This book is ever so much better than Ms. Irving's. For one thing, it provides a much better introduction for beginners to read about and to begin to understand the subtle issues of racism. I think part of this is that Mr. Wise grew up in modest circumstances, so his white privilege wasn't augmented by an additional layer of country-club privilege. I'm not sure Ms. Irving understood that augmented privilege she had. So, some of her arguments fell flat because those of us not born to the country club could see that some of the advantages she was experiencing weren't about whiteness so much as being born with a silver spoon in her mouth. Of course, being able to be part of the country-club set is also very much about being white, unless you might be O.J. Simpson.

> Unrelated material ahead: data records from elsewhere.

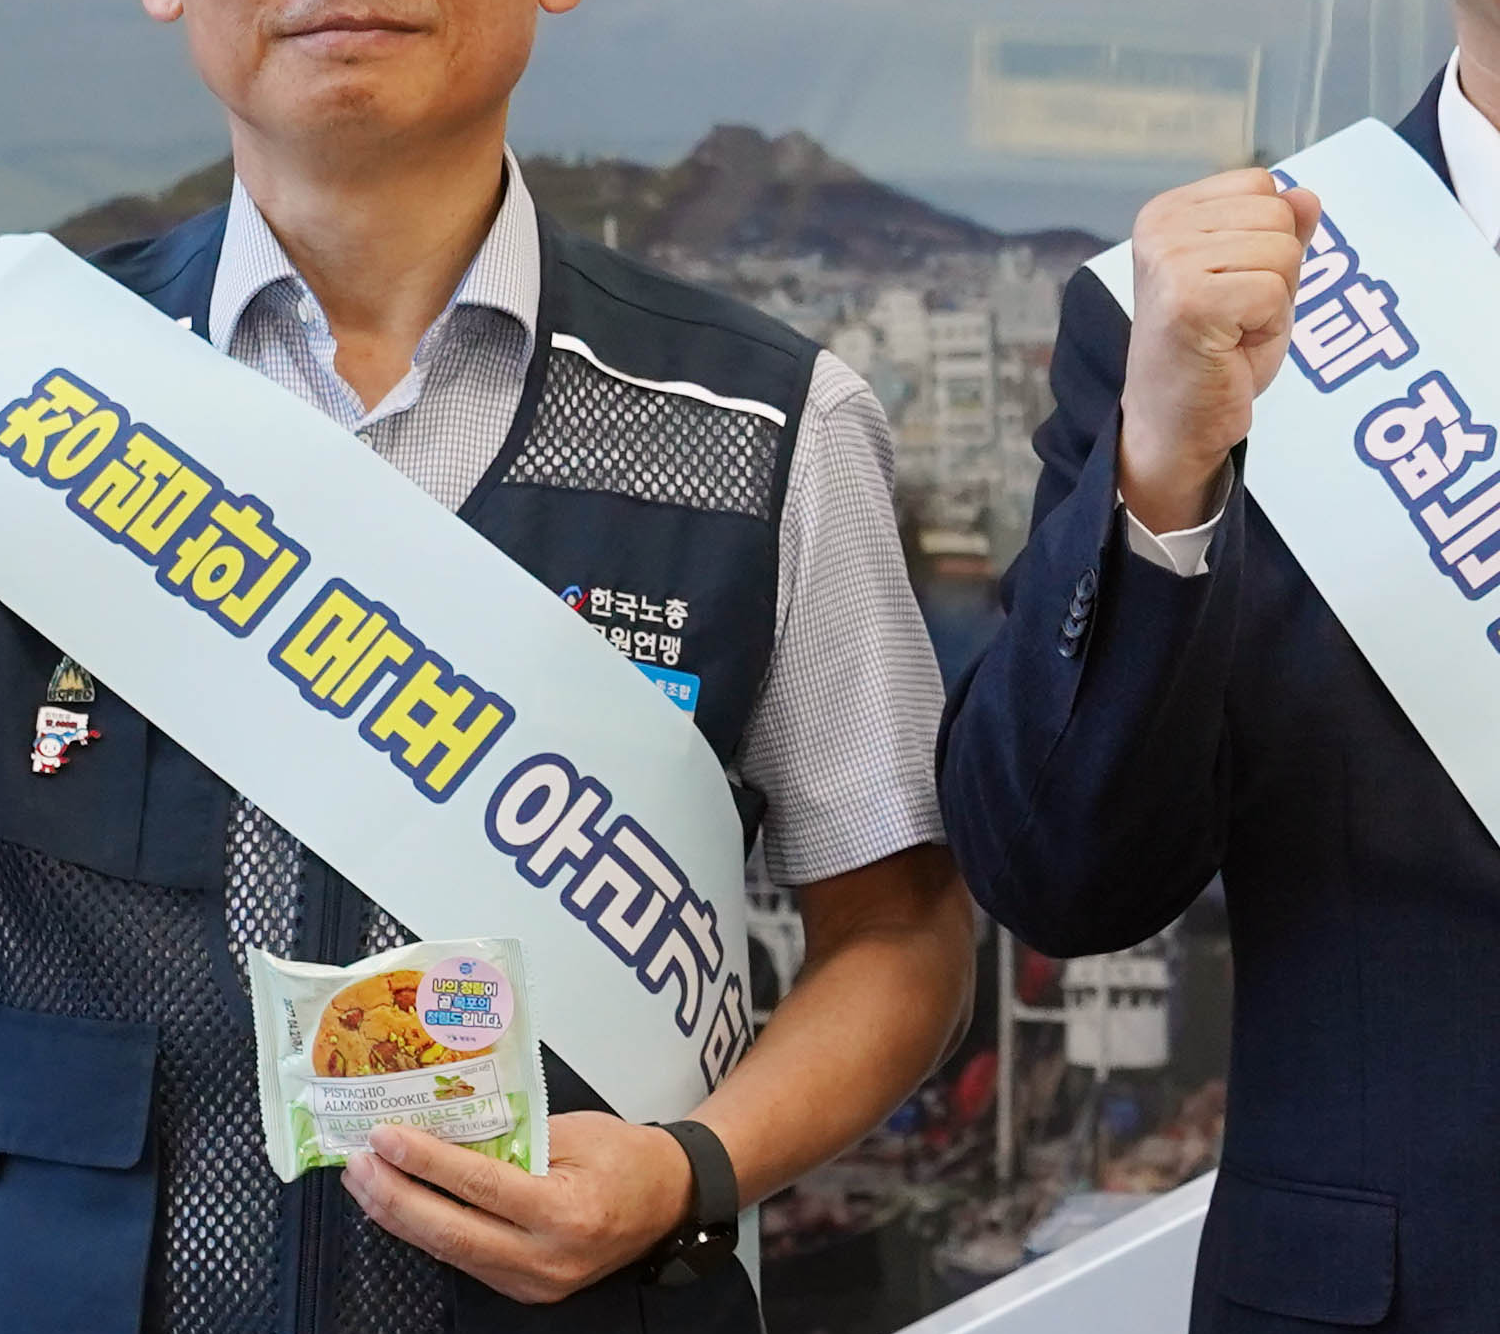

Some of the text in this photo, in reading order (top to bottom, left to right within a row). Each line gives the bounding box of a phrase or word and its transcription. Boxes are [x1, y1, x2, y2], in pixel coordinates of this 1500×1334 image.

[590, 587, 689, 630] 한국노총
[267, 577, 515, 804] 목포
[485, 753, 723, 1037] 우리가
[323, 1087, 386, 1099] PISTACHIO
[324, 1092, 430, 1112] ALMOND COOKIE

Anyway, much of the advantage our skin color (or perhaps lack of it) provides us has to do with expectations and opportunities. We white folks, don't have anyone look at us strangely like perhaps we're not qualified, before we even open our mouths. Rather, we're assumed qualified until we prove we're not. This is not the case with people of color, who must find ways to prove their worthiness before they are deemed qualified. We white folks never have to worry that politicians will structure voting rights so that we are disadvantaged with respect to people of color. Not so people of color. Within a week or so after the Roberts Supreme Court overturned the voting rights act, people in some states, like North Carolina and Texas were falling all over themselves to find insidious ways to deny voting rights to people of color. Yes, a few poor whites got caught in the cross fire, so to speak, but the bills were specifically designed primarily to deny the vote to people of color. Some of us white folks complain about affirmative action plans which guarantee a few seats for people of color in our universities, but don't even blink at the white affirmative action going on with "legacy admissions", which overwhelmingly accrue to white folks.

And so, the beat goes on. The first step to mitigating the problem of racism is to recognize it. This book is a good beginning. The solution to racism isn't just to pretend it's gone the way the Klu Klux Clan (which a recent Presidential candidate has helped regain traction in our society), but to recognize when we are obtaining privileges other people are not, and to get us to work to level the playing field for all. ( )
  lgpiper | Jun 21, 2019 |
Tim Wise offers a highly personal examination of the ways in which racial privilege shapes the lives of most white Americans, overtly racist or not, to the detriment of people of color, themselves, and society.
  JRCornell | Dec 8, 2018 |
I believe white privilege is detrimental for whites as well as obviously for folks of color. Tim Wise does a good job tuning into memorable details that can help us counteract white privilege in our daily lives and slowly disassemble it. ( )
  Lylee | Apr 3, 2016 |
Tim Wise is an idiot. No, he's worse than that. He's an intelligent man who chooses to waste his intelligence spewing the hateful nonsense that fills the pages of books like this one. ( )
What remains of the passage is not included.